Super easy tool here:
http://www.htaccesstools.com/redirection-by-language/
Makes life incredibly easy for htaccess redirects based on the browser's language.
Example:
RewriteEngine on
RewriteCond %{HTTP:Accept-Language} (fr) [NC]
RewriteRule .* /fr/index.html [L]
RewriteCond %{HTTP:Accept-Language} (en) [NC]
RewriteRule .* /en/index.html [L]
RewriteCond %{HTTP:Accept-Language} (de) [NC]
RewriteRule .* /de/index.html [L]
This is a hard redirect, the browser's location bar will indeed show the new page. Though, this is better for UX than an internal redirect masking the URL.
To answer your question, it is highly regarded that an index.html provides the best UX. However, that's essentially because people have come to expect this in general (website.com/en/, website.com/fr/, etc.). SEO-wise, no, you wouldn't get dinged if you didn't follow that same structure.

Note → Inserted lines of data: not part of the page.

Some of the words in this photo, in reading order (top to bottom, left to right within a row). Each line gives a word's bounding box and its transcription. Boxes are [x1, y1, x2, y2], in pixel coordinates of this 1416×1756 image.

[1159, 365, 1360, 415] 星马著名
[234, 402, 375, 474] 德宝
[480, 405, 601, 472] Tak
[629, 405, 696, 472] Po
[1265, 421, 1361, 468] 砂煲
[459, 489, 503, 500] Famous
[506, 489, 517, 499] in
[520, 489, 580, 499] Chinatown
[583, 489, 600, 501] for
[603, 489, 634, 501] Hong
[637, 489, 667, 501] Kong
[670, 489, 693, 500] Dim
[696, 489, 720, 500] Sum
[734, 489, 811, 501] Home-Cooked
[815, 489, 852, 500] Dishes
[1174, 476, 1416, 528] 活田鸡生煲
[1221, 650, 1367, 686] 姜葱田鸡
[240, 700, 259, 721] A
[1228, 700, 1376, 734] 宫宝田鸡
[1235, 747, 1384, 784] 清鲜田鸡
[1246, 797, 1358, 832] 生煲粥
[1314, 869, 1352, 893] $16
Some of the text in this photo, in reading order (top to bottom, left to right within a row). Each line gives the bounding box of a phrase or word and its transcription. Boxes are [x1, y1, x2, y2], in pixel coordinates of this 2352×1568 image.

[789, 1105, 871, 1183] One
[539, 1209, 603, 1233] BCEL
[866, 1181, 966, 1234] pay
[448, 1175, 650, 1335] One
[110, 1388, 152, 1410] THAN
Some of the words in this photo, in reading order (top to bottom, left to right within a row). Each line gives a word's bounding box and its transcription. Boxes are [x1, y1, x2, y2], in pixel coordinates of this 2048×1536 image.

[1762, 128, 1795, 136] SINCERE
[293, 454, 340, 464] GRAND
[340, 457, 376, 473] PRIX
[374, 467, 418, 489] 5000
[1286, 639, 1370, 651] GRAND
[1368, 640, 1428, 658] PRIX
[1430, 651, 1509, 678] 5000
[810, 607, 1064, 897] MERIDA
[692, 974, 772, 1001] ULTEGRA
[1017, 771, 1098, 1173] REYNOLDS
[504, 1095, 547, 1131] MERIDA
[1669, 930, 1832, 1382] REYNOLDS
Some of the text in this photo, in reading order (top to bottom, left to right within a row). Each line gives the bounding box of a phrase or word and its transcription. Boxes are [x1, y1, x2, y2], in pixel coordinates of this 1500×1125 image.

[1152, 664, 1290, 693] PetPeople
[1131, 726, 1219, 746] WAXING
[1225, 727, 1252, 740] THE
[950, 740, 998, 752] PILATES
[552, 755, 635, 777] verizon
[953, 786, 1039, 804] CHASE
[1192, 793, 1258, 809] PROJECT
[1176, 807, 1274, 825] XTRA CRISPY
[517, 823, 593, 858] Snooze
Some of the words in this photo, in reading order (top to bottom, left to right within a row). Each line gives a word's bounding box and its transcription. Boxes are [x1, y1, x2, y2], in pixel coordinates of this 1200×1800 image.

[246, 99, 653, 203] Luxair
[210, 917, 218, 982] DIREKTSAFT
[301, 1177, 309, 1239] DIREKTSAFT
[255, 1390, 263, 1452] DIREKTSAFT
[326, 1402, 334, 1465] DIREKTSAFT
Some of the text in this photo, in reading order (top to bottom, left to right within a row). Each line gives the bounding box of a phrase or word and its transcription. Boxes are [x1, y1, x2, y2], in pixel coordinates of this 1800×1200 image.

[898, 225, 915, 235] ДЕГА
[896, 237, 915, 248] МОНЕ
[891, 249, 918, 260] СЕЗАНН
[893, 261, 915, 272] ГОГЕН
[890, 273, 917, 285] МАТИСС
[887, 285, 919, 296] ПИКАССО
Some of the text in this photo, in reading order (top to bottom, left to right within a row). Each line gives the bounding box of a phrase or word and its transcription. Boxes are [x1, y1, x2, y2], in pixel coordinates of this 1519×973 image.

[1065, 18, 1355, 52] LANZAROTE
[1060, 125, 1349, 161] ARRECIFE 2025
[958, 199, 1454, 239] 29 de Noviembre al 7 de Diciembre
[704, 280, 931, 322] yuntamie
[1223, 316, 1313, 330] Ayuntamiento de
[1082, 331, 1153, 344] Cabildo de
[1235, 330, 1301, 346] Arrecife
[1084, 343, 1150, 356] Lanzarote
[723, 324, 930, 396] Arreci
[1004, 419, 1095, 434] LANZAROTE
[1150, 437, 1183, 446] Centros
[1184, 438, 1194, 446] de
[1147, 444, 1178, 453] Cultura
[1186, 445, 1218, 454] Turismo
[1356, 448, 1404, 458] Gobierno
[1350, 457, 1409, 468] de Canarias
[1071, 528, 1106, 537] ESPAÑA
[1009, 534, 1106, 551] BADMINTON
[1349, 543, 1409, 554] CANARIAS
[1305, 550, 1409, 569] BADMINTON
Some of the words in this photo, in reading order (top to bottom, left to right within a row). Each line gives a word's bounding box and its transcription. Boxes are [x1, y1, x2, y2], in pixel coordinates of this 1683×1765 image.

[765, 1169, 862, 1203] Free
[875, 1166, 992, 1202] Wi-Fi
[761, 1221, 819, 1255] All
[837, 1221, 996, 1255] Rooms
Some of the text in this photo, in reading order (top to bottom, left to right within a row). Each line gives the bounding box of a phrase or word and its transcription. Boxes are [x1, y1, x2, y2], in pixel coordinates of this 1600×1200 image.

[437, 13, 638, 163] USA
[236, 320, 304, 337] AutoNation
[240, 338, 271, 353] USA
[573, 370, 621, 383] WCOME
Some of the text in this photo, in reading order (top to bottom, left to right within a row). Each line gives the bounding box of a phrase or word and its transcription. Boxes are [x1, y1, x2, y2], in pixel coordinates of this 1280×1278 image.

Best practice is to use your best guess (like the htaccess), and still offer a menu for switching languages. Plus, you'll also need a fallback for if the Accept-Language isn't actually defined (like going to /en/ by default). This could be a final line in the htaccess, or it could simply be an index.html
at the root level, where .htaccess
is.
Other than that, there's not a tremendous amount that goes into localization.